### [PROBLEM STATEMENT]
I would like every record below transcribed exactly as it is.

[Phrase grounding data]
○ ○ ○

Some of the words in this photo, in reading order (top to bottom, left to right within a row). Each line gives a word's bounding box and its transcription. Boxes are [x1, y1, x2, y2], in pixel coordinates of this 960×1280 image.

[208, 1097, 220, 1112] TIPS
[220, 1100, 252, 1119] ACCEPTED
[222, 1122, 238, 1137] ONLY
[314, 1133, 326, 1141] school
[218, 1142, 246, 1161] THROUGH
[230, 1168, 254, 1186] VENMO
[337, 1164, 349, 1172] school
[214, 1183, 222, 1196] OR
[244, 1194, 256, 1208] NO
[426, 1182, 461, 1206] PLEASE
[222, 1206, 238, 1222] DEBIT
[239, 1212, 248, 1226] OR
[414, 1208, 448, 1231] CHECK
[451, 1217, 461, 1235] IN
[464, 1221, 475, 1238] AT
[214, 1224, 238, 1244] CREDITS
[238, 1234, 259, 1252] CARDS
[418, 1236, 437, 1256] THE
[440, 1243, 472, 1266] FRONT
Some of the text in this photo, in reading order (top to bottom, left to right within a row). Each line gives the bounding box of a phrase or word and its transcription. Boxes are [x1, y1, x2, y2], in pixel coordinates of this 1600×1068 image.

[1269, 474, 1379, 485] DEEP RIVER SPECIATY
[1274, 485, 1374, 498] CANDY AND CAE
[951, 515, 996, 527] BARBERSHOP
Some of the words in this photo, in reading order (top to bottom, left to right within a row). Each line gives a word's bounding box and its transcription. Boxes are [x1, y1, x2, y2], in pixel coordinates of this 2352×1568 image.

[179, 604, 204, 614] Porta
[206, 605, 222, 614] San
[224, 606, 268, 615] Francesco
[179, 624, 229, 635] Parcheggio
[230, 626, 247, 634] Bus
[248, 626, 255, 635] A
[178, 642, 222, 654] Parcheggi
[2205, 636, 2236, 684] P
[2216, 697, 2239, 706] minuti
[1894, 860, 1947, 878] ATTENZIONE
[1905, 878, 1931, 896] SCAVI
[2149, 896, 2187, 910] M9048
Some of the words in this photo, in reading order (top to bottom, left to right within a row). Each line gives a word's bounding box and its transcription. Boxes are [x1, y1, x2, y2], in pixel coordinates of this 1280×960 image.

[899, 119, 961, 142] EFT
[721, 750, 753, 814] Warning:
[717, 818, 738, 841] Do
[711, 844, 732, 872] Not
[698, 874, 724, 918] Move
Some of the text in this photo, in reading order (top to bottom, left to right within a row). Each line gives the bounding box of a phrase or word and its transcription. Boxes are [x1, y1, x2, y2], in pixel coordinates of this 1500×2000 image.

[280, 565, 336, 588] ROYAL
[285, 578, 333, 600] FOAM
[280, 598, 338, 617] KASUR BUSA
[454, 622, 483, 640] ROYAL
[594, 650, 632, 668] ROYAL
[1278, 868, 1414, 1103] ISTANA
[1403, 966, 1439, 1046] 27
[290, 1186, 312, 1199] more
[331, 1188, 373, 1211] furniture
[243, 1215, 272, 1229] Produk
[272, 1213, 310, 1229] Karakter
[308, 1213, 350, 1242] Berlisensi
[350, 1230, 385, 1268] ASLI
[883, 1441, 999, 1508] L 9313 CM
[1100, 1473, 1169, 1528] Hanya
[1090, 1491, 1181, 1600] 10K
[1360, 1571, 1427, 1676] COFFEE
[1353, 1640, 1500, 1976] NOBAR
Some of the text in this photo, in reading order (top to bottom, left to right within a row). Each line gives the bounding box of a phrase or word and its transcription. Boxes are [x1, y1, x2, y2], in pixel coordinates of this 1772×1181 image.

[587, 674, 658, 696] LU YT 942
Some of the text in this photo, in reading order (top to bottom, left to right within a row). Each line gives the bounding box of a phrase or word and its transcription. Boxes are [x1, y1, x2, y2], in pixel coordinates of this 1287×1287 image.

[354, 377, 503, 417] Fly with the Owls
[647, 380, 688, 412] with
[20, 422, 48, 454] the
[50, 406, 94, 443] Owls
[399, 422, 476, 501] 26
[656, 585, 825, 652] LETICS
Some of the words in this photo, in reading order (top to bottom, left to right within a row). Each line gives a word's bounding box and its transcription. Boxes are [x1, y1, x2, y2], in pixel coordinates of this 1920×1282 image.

○ ○ ○

### [RESPONSE TO THIS TASK]
Some of the words in this photo, in reading order (top to bottom, left to right within a row). Each line gives a word's bounding box and its transcription. Boxes are [x1, y1, x2, y2], in pixel coordinates of this 960×1280 image.

[208, 1097, 220, 1112] TIPS
[220, 1100, 252, 1119] ACCEPTED
[222, 1122, 238, 1137] ONLY
[314, 1133, 326, 1141] school
[218, 1142, 246, 1161] THROUGH
[230, 1168, 254, 1186] VENMO
[337, 1164, 349, 1172] school
[214, 1183, 222, 1196] OR
[244, 1194, 256, 1208] NO
[426, 1182, 461, 1206] PLEASE
[222, 1206, 238, 1222] DEBIT
[239, 1212, 248, 1226] OR
[414, 1208, 448, 1231] CHECK
[451, 1217, 461, 1235] IN
[464, 1221, 475, 1238] AT
[214, 1224, 238, 1244] CREDITS
[238, 1234, 259, 1252] CARDS
[418, 1236, 437, 1256] THE
[440, 1243, 472, 1266] FRONT
Some of the text in this photo, in reading order (top to bottom, left to right within a row). Each line gives the bounding box of a phrase or word and its transcription. Boxes are [x1, y1, x2, y2], in pixel coordinates of this 1600×1068 image.

[1269, 474, 1379, 485] DEEP RIVER SPECIATY
[1274, 485, 1374, 498] CANDY AND CAE
[951, 515, 996, 527] BARBERSHOP
Some of the words in this photo, in reading order (top to bottom, left to right within a row). Each line gives a word's bounding box and its transcription. Boxes are [x1, y1, x2, y2], in pixel coordinates of this 2352×1568 image.

[179, 604, 204, 614] Porta
[206, 605, 222, 614] San
[224, 606, 268, 615] Francesco
[179, 624, 229, 635] Parcheggio
[230, 626, 247, 634] Bus
[248, 626, 255, 635] A
[178, 642, 222, 654] Parcheggi
[2205, 636, 2236, 684] P
[2216, 697, 2239, 706] minuti
[1894, 860, 1947, 878] ATTENZIONE
[1905, 878, 1931, 896] SCAVI
[2149, 896, 2187, 910] M9048
Some of the words in this photo, in reading order (top to bottom, left to right within a row). Each line gives a word's bounding box and its transcription. Boxes are [x1, y1, x2, y2], in pixel coordinates of this 1280×960 image.

[899, 119, 961, 142] EFT
[721, 750, 753, 814] Warning:
[717, 818, 738, 841] Do
[711, 844, 732, 872] Not
[698, 874, 724, 918] Move
Some of the text in this photo, in reading order (top to bottom, left to right within a row). Each line gives the bounding box of a phrase or word and its transcription. Boxes are [x1, y1, x2, y2], in pixel coordinates of this 1500×2000 image.

[280, 565, 336, 588] ROYAL
[285, 578, 333, 600] FOAM
[280, 598, 338, 617] KASUR BUSA
[454, 622, 483, 640] ROYAL
[594, 650, 632, 668] ROYAL
[1278, 868, 1414, 1103] ISTANA
[1403, 966, 1439, 1046] 27
[290, 1186, 312, 1199] more
[331, 1188, 373, 1211] furniture
[243, 1215, 272, 1229] Produk
[272, 1213, 310, 1229] Karakter
[308, 1213, 350, 1242] Berlisensi
[350, 1230, 385, 1268] ASLI
[883, 1441, 999, 1508] L 9313 CM
[1100, 1473, 1169, 1528] Hanya
[1090, 1491, 1181, 1600] 10K
[1360, 1571, 1427, 1676] COFFEE
[1353, 1640, 1500, 1976] NOBAR
Some of the text in this photo, in reading order (top to bottom, left to right within a row). Each line gives the bounding box of a phrase or word and its transcription. Boxes are [x1, y1, x2, y2], in pixel coordinates of this 1772×1181 image.

[587, 674, 658, 696] LU YT 942
Some of the text in this photo, in reading order (top to bottom, left to right within a row). Each line gives the bounding box of a phrase or word and its transcription. Boxes are [x1, y1, x2, y2], in pixel coordinates of this 1287×1287 image.

[354, 377, 503, 417] Fly with the Owls
[647, 380, 688, 412] with
[20, 422, 48, 454] the
[50, 406, 94, 443] Owls
[399, 422, 476, 501] 26
[656, 585, 825, 652] LETICS
Some of the words in this photo, in reading order (top to bottom, left to right within a row). Each line gives a word's bounding box and its transcription. Boxes are [x1, y1, x2, y2], in pixel coordinates of this 1920×1282 image.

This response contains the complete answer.